*Aim of the task:* Copy out every line below without alteration.

++++++++

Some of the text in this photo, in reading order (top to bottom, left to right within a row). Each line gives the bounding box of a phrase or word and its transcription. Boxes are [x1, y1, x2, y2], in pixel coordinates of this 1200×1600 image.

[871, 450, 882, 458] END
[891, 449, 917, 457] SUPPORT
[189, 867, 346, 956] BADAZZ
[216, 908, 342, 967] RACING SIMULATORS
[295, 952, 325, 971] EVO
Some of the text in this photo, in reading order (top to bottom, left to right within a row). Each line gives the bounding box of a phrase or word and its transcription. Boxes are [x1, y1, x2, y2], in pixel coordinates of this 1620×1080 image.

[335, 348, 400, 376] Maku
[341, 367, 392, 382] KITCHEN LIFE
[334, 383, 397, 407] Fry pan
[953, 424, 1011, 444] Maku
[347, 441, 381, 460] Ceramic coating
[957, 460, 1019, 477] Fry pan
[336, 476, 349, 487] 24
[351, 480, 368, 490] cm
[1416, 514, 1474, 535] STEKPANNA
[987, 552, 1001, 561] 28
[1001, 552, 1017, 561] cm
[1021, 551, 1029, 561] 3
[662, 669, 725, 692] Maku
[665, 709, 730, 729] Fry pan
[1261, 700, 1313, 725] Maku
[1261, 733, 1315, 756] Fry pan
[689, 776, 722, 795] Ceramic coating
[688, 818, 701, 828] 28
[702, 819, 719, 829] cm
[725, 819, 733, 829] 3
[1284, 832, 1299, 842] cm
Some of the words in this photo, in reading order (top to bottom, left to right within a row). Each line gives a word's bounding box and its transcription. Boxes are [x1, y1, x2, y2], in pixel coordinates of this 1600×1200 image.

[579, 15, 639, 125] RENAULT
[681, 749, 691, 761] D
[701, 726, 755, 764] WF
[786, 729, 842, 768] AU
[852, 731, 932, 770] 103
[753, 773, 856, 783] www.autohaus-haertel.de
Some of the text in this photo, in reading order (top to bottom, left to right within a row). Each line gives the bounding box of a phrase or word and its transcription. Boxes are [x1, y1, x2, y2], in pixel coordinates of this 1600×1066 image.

++++++++

*Exercise result:*
Some of the text in this photo, in reading order (top to bottom, left to right within a row). Each line gives the bounding box of a phrase or word and its transcription. Boxes are [x1, y1, x2, y2], in pixel coordinates of this 1200×1600 image.

[871, 450, 882, 458] END
[891, 449, 917, 457] SUPPORT
[189, 867, 346, 956] BADAZZ
[216, 908, 342, 967] RACING SIMULATORS
[295, 952, 325, 971] EVO
Some of the text in this photo, in reading order (top to bottom, left to right within a row). Each line gives the bounding box of a phrase or word and its transcription. Boxes are [x1, y1, x2, y2], in pixel coordinates of this 1620×1080 image.

[335, 348, 400, 376] Maku
[341, 367, 392, 382] KITCHEN LIFE
[334, 383, 397, 407] Fry pan
[953, 424, 1011, 444] Maku
[347, 441, 381, 460] Ceramic coating
[957, 460, 1019, 477] Fry pan
[336, 476, 349, 487] 24
[351, 480, 368, 490] cm
[1416, 514, 1474, 535] STEKPANNA
[987, 552, 1001, 561] 28
[1001, 552, 1017, 561] cm
[1021, 551, 1029, 561] 3
[662, 669, 725, 692] Maku
[665, 709, 730, 729] Fry pan
[1261, 700, 1313, 725] Maku
[1261, 733, 1315, 756] Fry pan
[689, 776, 722, 795] Ceramic coating
[688, 818, 701, 828] 28
[702, 819, 719, 829] cm
[725, 819, 733, 829] 3
[1284, 832, 1299, 842] cm
Some of the words in this photo, in reading order (top to bottom, left to right within a row). Each line gives a word's bounding box and its transcription. Boxes are [x1, y1, x2, y2], in pixel coordinates of this 1600×1200 image.

[579, 15, 639, 125] RENAULT
[681, 749, 691, 761] D
[701, 726, 755, 764] WF
[786, 729, 842, 768] AU
[852, 731, 932, 770] 103
[753, 773, 856, 783] www.autohaus-haertel.de
Some of the text in this photo, in reading order (top to bottom, left to right within a row). Each line gives the bounding box of a phrase or word and its transcription. Boxes are [x1, y1, x2, y2], in pixel coordinates of this 1600×1066 image.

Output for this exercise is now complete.